Si une Saoudienne n'a ni le droit de conduire ni de voyager sans l'accord de son mari ou d'un parent masculin, l'application des lois concernant les tenues vestimentaires n'est pas totalement uniforme. La jeune mannequin saoudienne arrêtée en juillet pour avoir défilé dans les rues de Riyad en minijupe n'a d'ailleurs écopé d'aucune peine.

" Révolte en bikini " à Alger

Cet été, la question de la tenue vestimentaire des femmes au sein de pays musulmans est au coeur des débats. Un mouvement de contestation né à Alger il y a un mois commence notamment à prendre de l'ampleur.
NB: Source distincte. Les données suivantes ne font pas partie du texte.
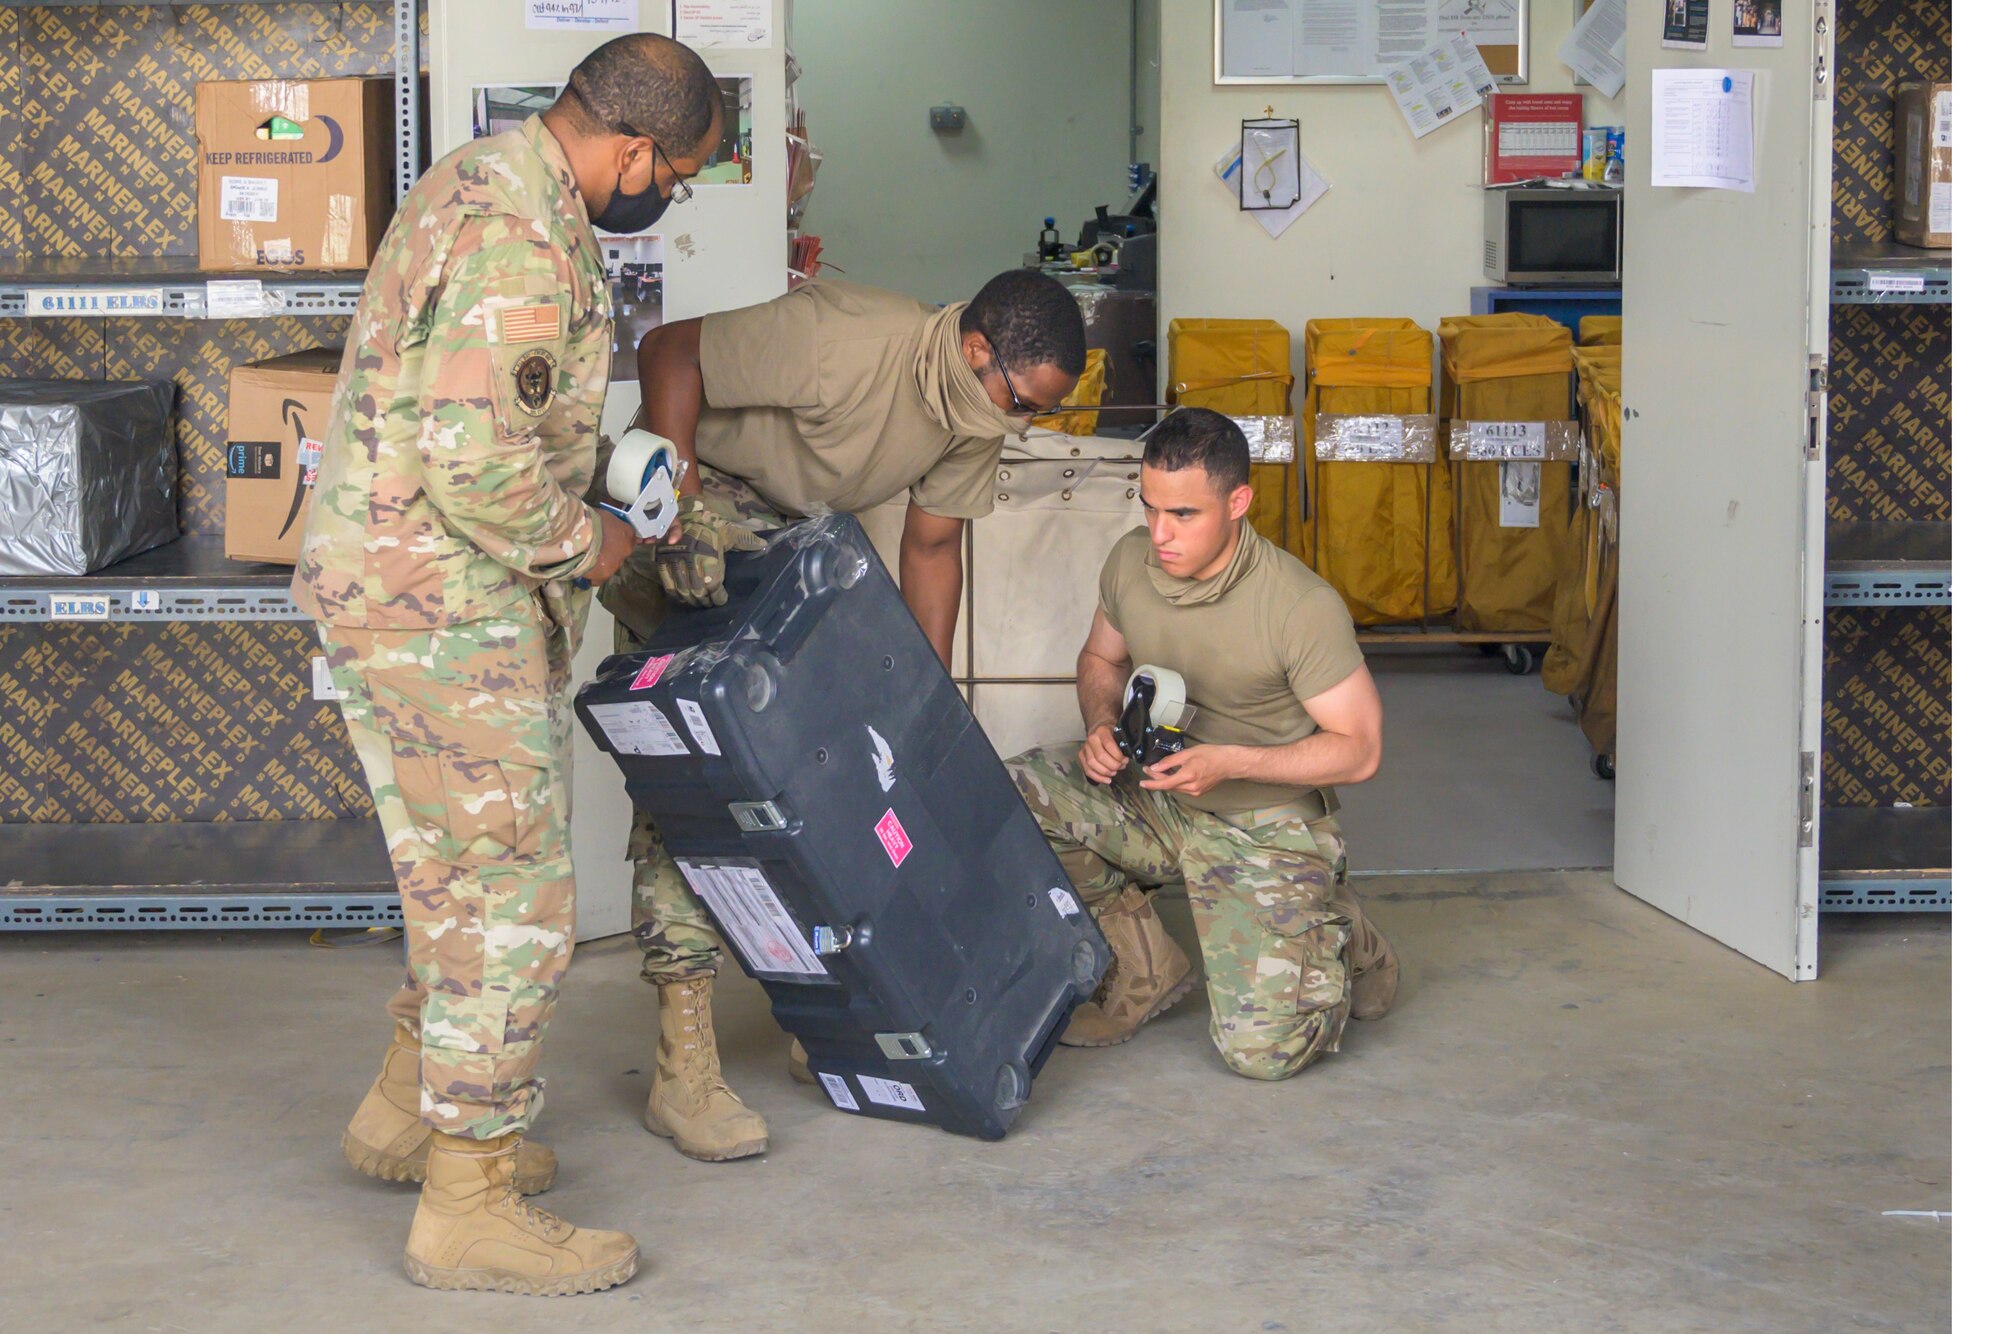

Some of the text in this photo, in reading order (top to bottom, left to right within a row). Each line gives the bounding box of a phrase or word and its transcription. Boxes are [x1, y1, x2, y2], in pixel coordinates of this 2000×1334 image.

Connue sous le nom de "Révolte en bikini", l'initiative qui a vu le jour sur Facebook réunit des groupes de femmes qui se promènent en bikini sur les plages de la capitale algérienne pour afficher leur souhait de se vêtir comme bon leur semble. Crée au début de l'été 2017, le groupe Facebook compte à ce jour plus de 5000 membres.

Dans la même veine, des femmes turques sont descendues dans la rue la semaine dernière pour revendiquer leur liberté vestimentaire. Cette fois, le symbole de leur révolte n'était pas un bikini mais un short.